Abrí los ojos. Las lágrimas eran reales. Estaba ahí, en mi cama. Aún no amanecía. ¡Claro! Estaba soñando. Por eso las cosas no cuadraban. Cuando el cuarto de servicio Aru no tenía ni barba ni iPhone.
Desperté más que enojada, infinitamente triste. No sé qué tanto es mi enojo para con el Mago Negro que se traspasó a mi enojo aún atorado para con Aru (a veces me pregunto si no necesitaré ir y mentársela en persona para avanzar...). Ya no conseguí conciliar el sueño y me costo la vida sacudir la tristeza.
A veces temo mucho que vaya a pasarme como en 2008: la chica de la sonrisa rota, de los ojos tristes. Un naufragio continuo en mi mirada.

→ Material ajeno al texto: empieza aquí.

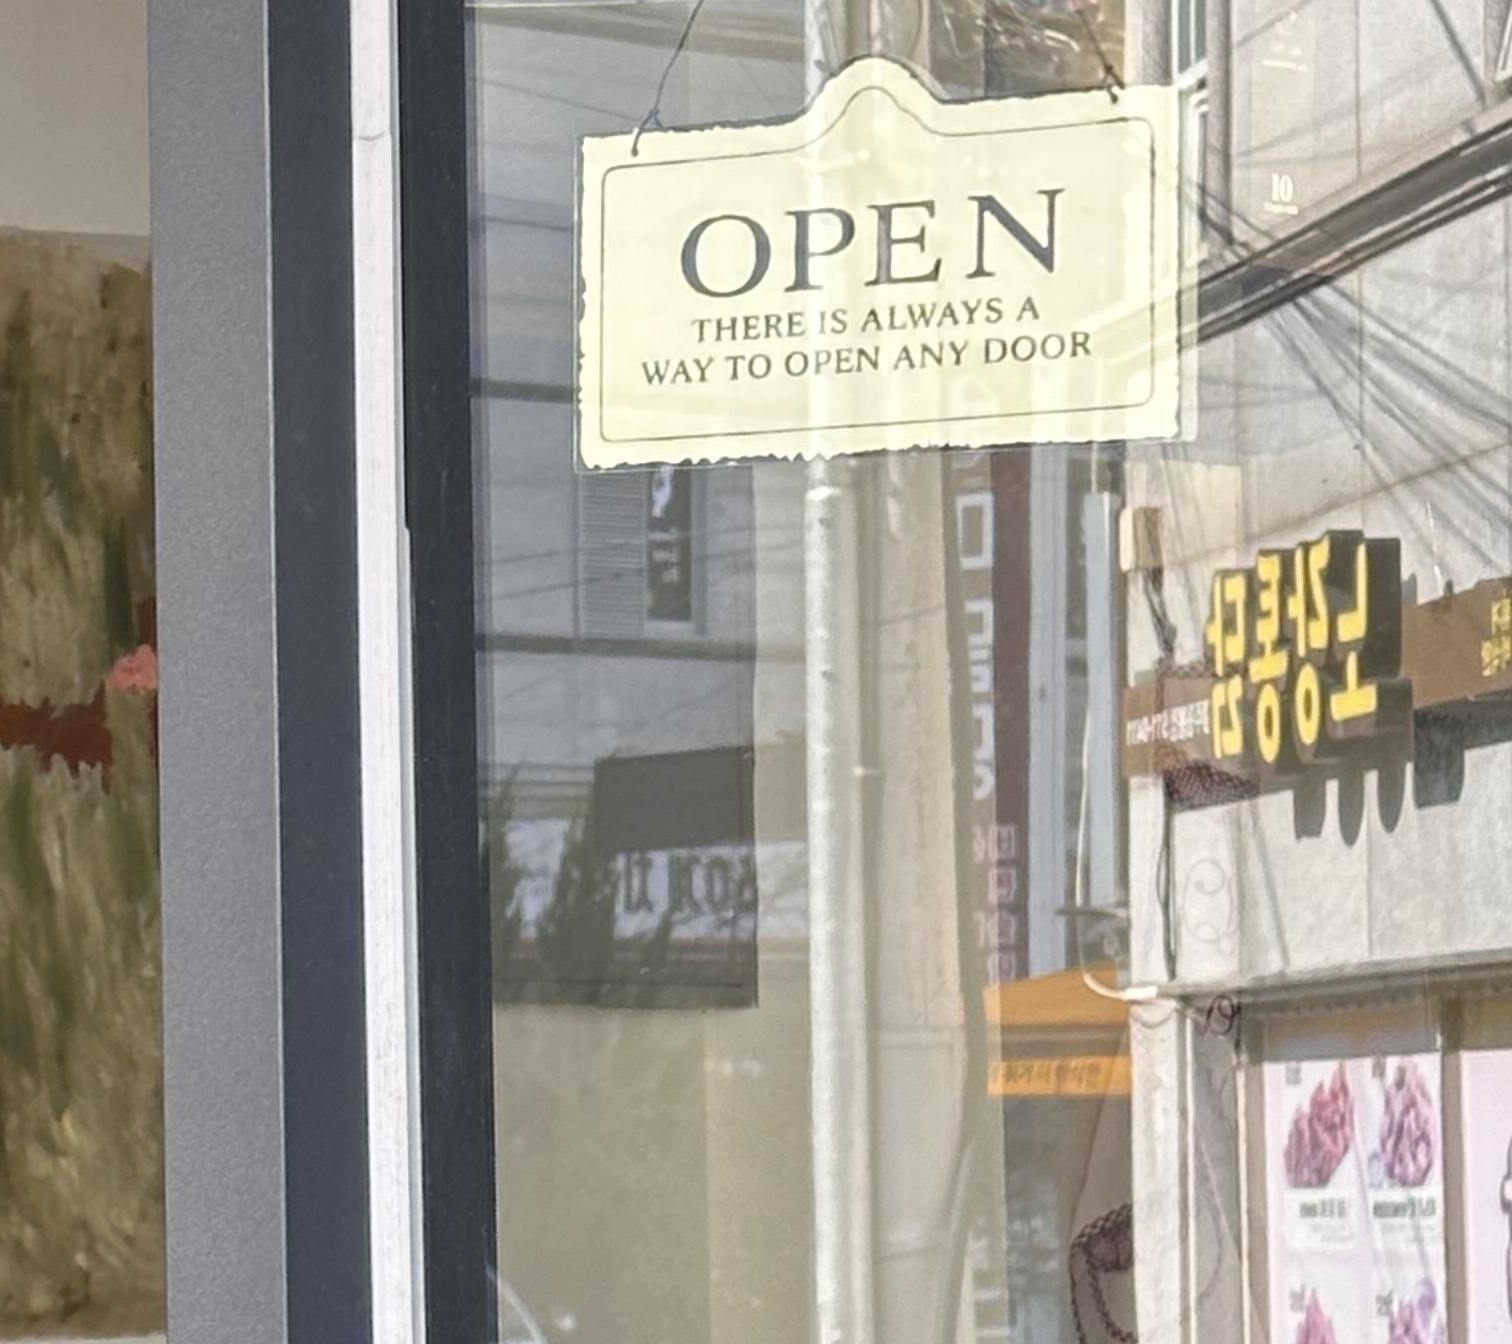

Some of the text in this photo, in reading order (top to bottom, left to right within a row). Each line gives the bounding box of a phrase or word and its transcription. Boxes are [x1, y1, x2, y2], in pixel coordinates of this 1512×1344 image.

Lo peor es que me vino de la nada. Ayer fue un día pesado porque mis chicos de la revista y yo definimos todo el calendario de 2015 y las primeras dos publicaciones de 2016. Fue un día extraño porque poner a cuarenta changos de acuerdo no son enchiladas. Acabé con jaqueca de tanto pensar y acomodar calendario. Pero me reí mucho con las burradas ocurrentes de mis chicos. ¿Y entonces? ¿De dónde viene esta tristeza? Es como una brisa que se cuela por la ventana. El problema es que sigo sin encontrar cómo cerrar la dichosa ventana.